Neighbors are good for a lot of things. They can feed your cats when you’re on vacation, lend you a cup of sugar when you’re baking a cake, and according to a new study, lower your risk of experiencing a heart attack. Results of the observational study showed that simply living in a close, friendly neighborhood may be enough to reduce your risk of heart attack by up to 17 percent.
Countless studies have shown that neighborhoods with higher densities of fast food outlets, increased levels of violence, more noise, drug use, and building disrepair often have residents with poor cardiovascular health. However, showing the opposite, that living in a friendly neighborhood with close social interaction can have positive health affects, is a bit much more difficult. In the study published in the British Medical Journal, researchers enlisted 5,000 American adult volunteers with no known health problems over a period of four years. According to a recent press release, the volunteers were periodically monitored for their heart health.
Prior to the study, the volunteers were asked to rate how much they felt a part of their neighborhood on a seven-point scale. Questions such as if they felt they could ask a neighbor for help, whether they trusted their neighbor, or if they felt their neighbors were friendly, were presented to the volunteers. Factors such as race, age, gender, income, marital status, educational level, and underlying mental and physical health issues were also taken into account.

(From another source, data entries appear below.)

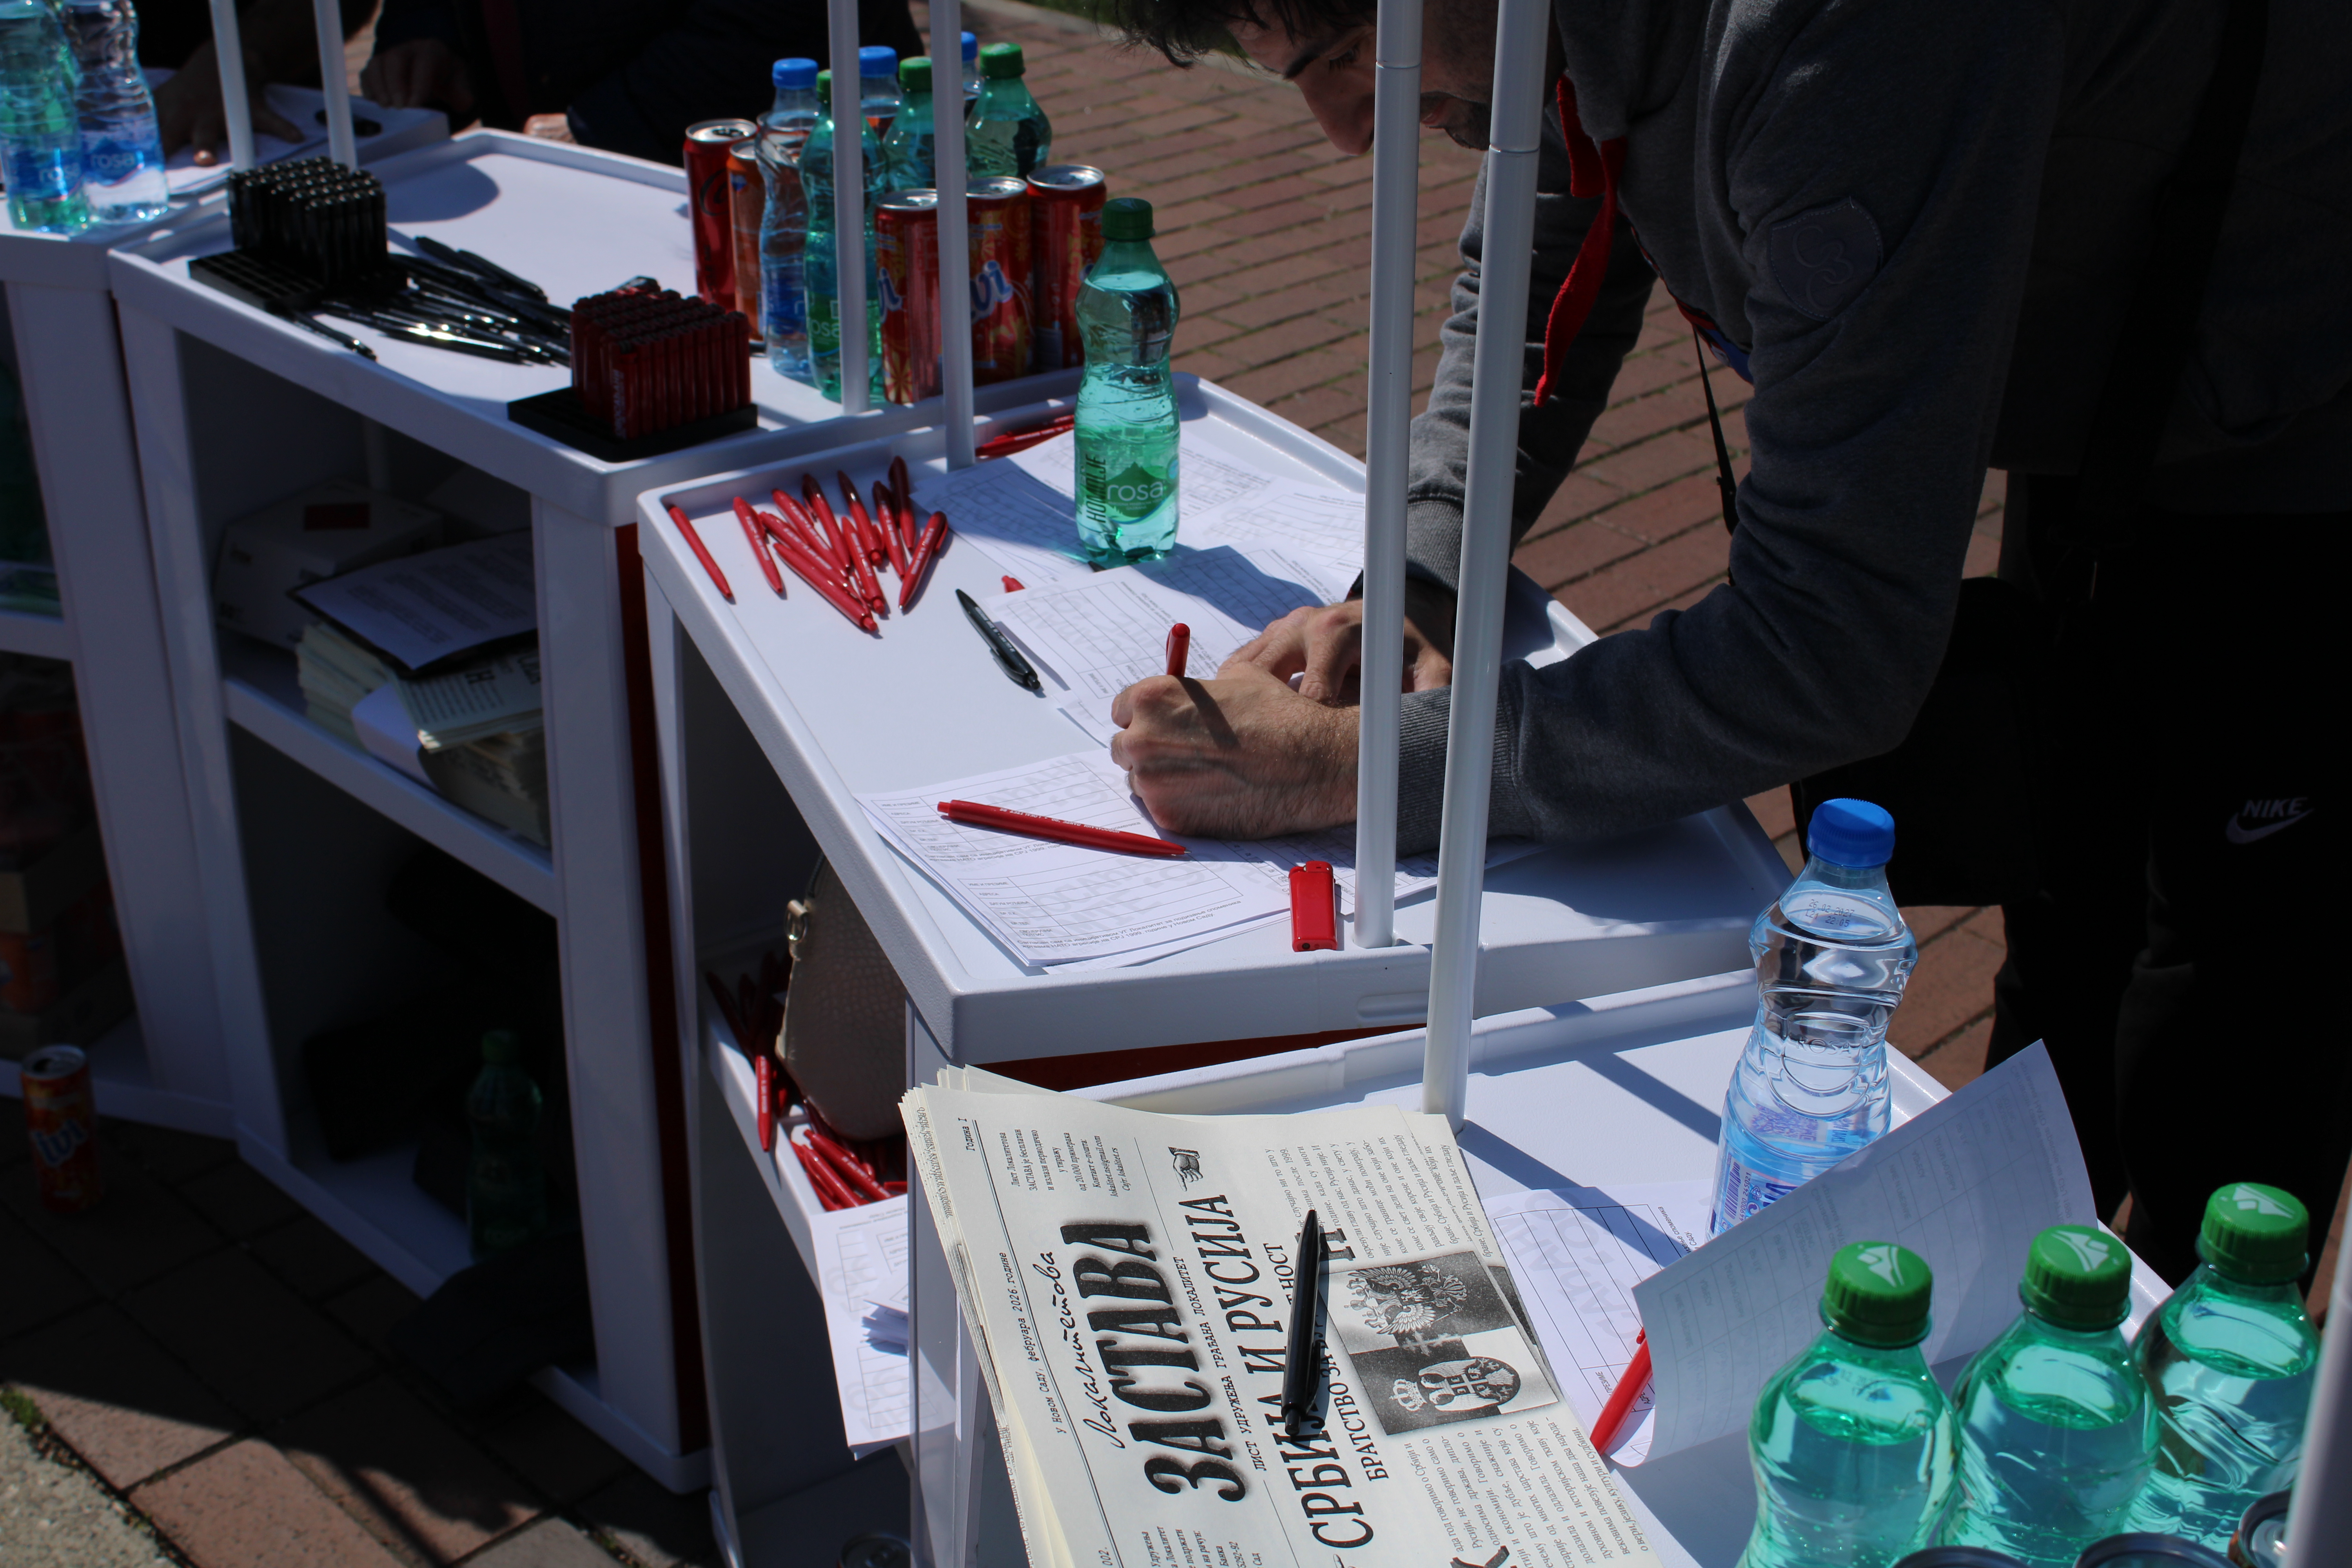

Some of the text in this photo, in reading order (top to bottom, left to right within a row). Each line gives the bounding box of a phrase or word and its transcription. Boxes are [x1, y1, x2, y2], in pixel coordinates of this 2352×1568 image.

[90, 152, 134, 169] rosa
[810, 319, 840, 338] osa
[1085, 454, 1106, 523] HOMOLJE
[1107, 481, 1163, 502] rosa
[2241, 796, 2308, 818] NIKE
[1070, 939, 1102, 948] агресије
[1108, 933, 1126, 942] СРЈ
[1143, 924, 1169, 935] године
[1171, 916, 1197, 927] Новом
[1072, 931, 1120, 943] иницијативом
[1127, 920, 1165, 934] Локалитет
[1172, 909, 1207, 923] подизање
[1205, 899, 1243, 914] споменика
[961, 1125, 976, 1152] Година
[1014, 1128, 1029, 1158] бесплатан
[1030, 1129, 1048, 1165] периодично
[1377, 1136, 1387, 1145] их
[1392, 1134, 1411, 1157] гледају
[998, 1131, 1021, 1187] Лист Локалитетова
[1051, 1146, 1066, 1169] тиражу
[1063, 1132, 1088, 1192] од 20.000 примерака
[1093, 1135, 1119, 1198] lokalitet.ns@gmail.com
[1111, 1146, 1127, 1178] lokalitet.rs
[1332, 1149, 1347, 1167] свету
[1381, 1146, 1395, 1161] који
[1405, 1156, 1421, 1173] даље
[1022, 1164, 1038, 1192] ЗАСТАВА
[1040, 1164, 1054, 1186] излази
[1088, 1163, 1102, 1189] Контакт
[1390, 1161, 1402, 1174] оне
[1296, 1145, 1342, 1227] године, када су многи
[1345, 1174, 1361, 1195] данас,
[1401, 1182, 1419, 1205] корене
[1416, 1177, 1434, 1199] Русија
[1743, 1172, 1752, 1196] 245021
[1356, 1196, 1368, 1211] што
[1413, 1206, 1428, 1223] своје
[1430, 1203, 1448, 1225] Србија
[1363, 1212, 1384, 1241] случајно
[1423, 1224, 1445, 1248] рављају
[1443, 1223, 1461, 1245] бране,
[1658, 1206, 1684, 1240] споменика
[1378, 1242, 1392, 1257] није
[1178, 1194, 1284, 1333] РУСИЈА
[1017, 1317, 1040, 1362] фебруара
[1032, 1251, 1126, 1450] Локалитетова
[1059, 1223, 1247, 1503] ЗАСТАВА
[1172, 1256, 1268, 1472] ЛИСТ УДРУЖЕЊА ГРАЂАНА ЛОКАЛИТЕТ
[1236, 1345, 1299, 1375] И
[1034, 1368, 1050, 1393] Саду,
[1044, 1396, 1063, 1424] Новом
[1321, 1381, 1390, 1482] БРАТСТВО
[1526, 1420, 1541, 1436] које
[1547, 1421, 1568, 1448] народа
[1514, 1432, 1541, 1471] Говоримо
[1536, 1437, 1554, 1458] ткиву
[1563, 1447, 1579, 1461] два
[1572, 1426, 1595, 1459] судбини.
[1406, 1449, 1427, 1477] Србији
[1571, 1461, 1589, 1483] наша
[1441, 1435, 1501, 1546] односима држава, дипло-
[1538, 1472, 1564, 1513] одлазила.
[1550, 1459, 1583, 1509] историјском
[1593, 1465, 1619, 1497] култури
[1424, 1483, 1449, 1522] говоримо
[1491, 1427, 1575, 1568] старије од многих царстава која су
[1583, 1483, 1608, 1516] повезује
[1612, 1496, 1637, 1523] језику,
[1443, 1521, 1457, 1537] год
[1584, 1519, 1613, 1559] духовном
[1603, 1516, 1631, 1555] вековима
[1628, 1523, 1646, 1545] вери,
[1156, 1525, 1177, 1564] Локалитет
[1174, 1528, 1195, 1565] подржати
[1215, 1545, 1230, 1568] Банка
[1228, 1541, 1247, 1568] 5292-92
[1566, 1524, 1595, 1564] долазила
[1201, 1553, 1212, 1564] на
[1251, 1552, 1263, 1566] Сад

After the four-year period, 148 of the 5,276 participants experienced a heart attack; 66 were women and 82 men. Using this data, researchers concluded that perceived neighborhood friendliness may be intrinsically tied to one's likeliness to experience this serious health condition. Volunteers who reported positive perceived social cohesion reduced their risk of heart attack by 17 percent. "Perceived neighbourhood social cohesion could be a type of social support that is available in the neighbourhood social environment outside the realm of family and friends,” the authors explained.
According to the American Heart Association, a heart attack occurs when the blood flow that brings oxygen to the heart muscles is either severely reduced or completely cut off. In United States, someone is believed to experience a heart attack every 34 seconds. If you don’t particularly get along with your neighbors you needn’t despair. There are other ways to help lower your risk of heart attacks.
Lifestyle chances can be even more effective in lowering your risk. Risky heath behaviors such as drinking alcohol and smoking cigarettes are associated with some of the highest risks of heart attacks. Cutting out these habits is likely to do far more than a friendly neighbor could ever do for your cardiovascular health. Eating right and making sure you get enough physical exercise in your day can also do wonders for heart health, according to the American Heart Association.